Letʻs return now to Hawaiʻi.

The thoughts of the Congregationalist missionaries who first set sail from Boston for the Sandwich Islands on board the bark Thaddeus are accessible to us through their journals and letters, which are suffused with piety and instruction. Now and again, a hint of confusion and estrangement appears in their writing, along with an occasional note of frustration — a moment’s revelation, followed by remorse and guilt, but nothing more. A few of them would be enthralled by island life and the Hawaiian people, and stay long after they had fulfilled their mission; others left as soon as they could, and some even before their time of service was complete. Most of the journals kept by the missionaries on board the Thaddeus dutifully begin on the first day of their journey, the 23rd of October, 1819, and then fall silent until taken up a few weeks later, their writers too seasick to write another word until the middle of November. When she recovered, Mercy Whitney, whose husband Samuel was a lay teacher, made a schedule of her day’s activities:

5:00 private devotion and sewing
7:30-9 breakfast and exercise
9-12 writing and study
12-1 recitation and conversation
1-2 dinner and private devotion
2-5 writing and reading
5-6 study of the Hawaiian language
6-7:30 tea, conversation, and exercise
7:30-9:30 private and family devotion

In a letter dated December 20, two months after the kapu system in the Sandwich Islands was overthrown and the Hawaiian gods and their temples destroyed, Lucy Thurston, the new wife of the seminarian Asa Thurston wrote to her father from the Thaddeus. The ship was twenty-four feet wide and eighty- five feet long, and it would be three more months before it reached the Sandwich Islands:

Chests, trunks, bundles, bags &c., were piled into our little room six feet square, until no place was left on the floor for the sole of one’s foot…With such narrow limits, and such confined air, it might be compared to a dungeon. This was with me a gloomy season, in which I felt myself a pilgrim and a stranger…Our whole family, with the exception of the natives, were all under the horrors of seasickness, some thrown on their mattresses, others seated in clusters, hanging one upon another, while here and there individuals leaned on the railing, or supported themselves by hanging upon a rope…We had entered a new school.

Hiram Bingham
The Reverend Hiram Bingham, leader of the First Company of missionaries, who sailed to the Sandwich Islands on board the Thaddeus

Daniel Chamberlain, a farmer who was traveling with his wife and their five children, wrote that the small cabins were so packed with their belongings that it was necessary to walk bent in two, crawling over chests and trunks on their hands and knees, and banging their heads against the walls and ceiling. Halfway through the journey, Samuel Ruggles, a schoolmaster, was exultant to collect three pints of drinking water from the tip of his umbrella. At the end of January, in the Strait of Le Maire, near Tierra del Fuego, the ship was blown off course by high winds. Lucy Thurston wrote:

Sails were taken down and we were carried before the wind, The incessant and violent rocking of the vessel keeps me here laid prostrate upon my couch. Oh, the luxury in feeble health of reclining on a bed with tranquility and ease! But I must not, I will not repine. Even now, though tears bedew my cheeks, I wish not for an alteration in my present situation or future prospects. When I look forward to that land of darkness, whither I am bound, and reflect on the degradation and misery of its inhabitants, follow them into the eternal world, and forward to the great day of retribution, all my petty sufferings dwindle to a point, and I exclaim, What have I to say of trials, I, who can press to my bosom the word of God.

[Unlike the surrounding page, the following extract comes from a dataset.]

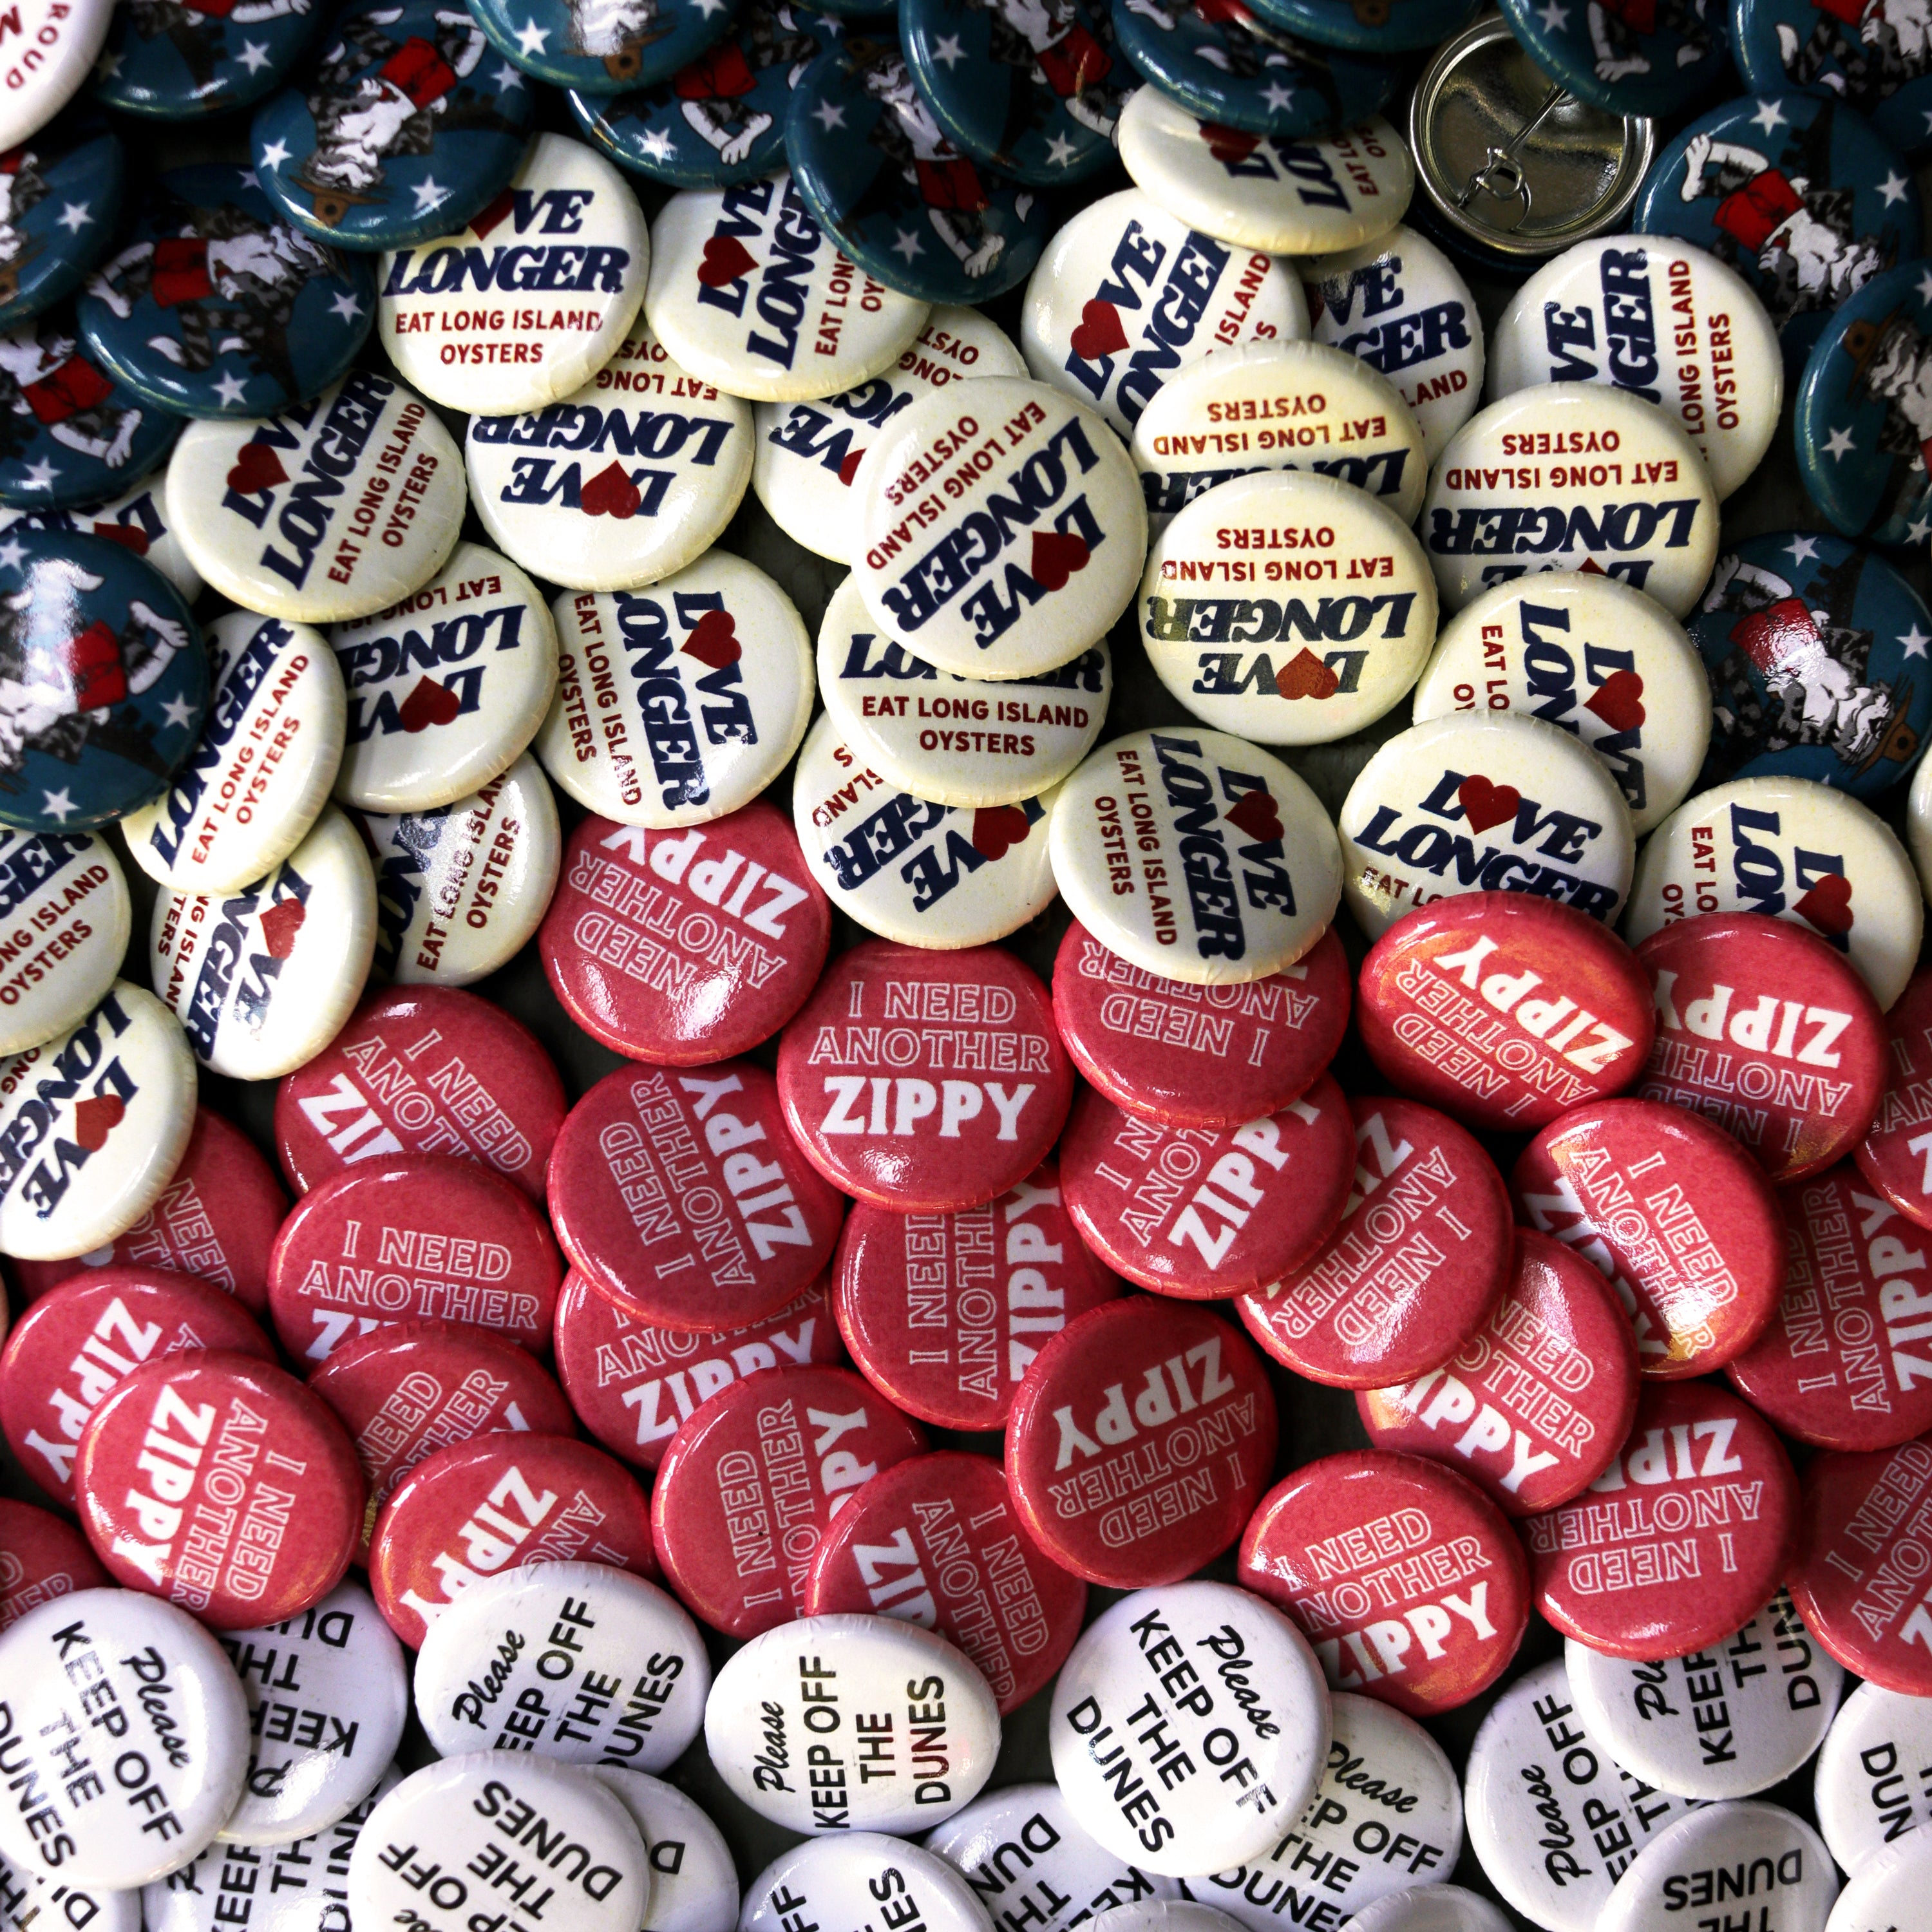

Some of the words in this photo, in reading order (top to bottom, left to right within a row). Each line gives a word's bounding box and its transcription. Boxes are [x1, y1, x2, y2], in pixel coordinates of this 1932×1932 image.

Lucy asked the captain of the Thaddeus if the lives of the missionaries would be in danger in the Islands. He answered that while the natives were addicted to alcohol, which resulted in an occasional “bold assault,” the only threat of which she should beware was that of poisoning. “When they conceive a dislike, no intimation is given, but by these means they secretly seize on the first opportunity to accomplish their fatal purpose.” Theft, too, he added, could be a bit of a difficulty. He arrived on one visit with twenty-four shirts and left a few weeks later with three. It is not surprising that Lucy was terrified.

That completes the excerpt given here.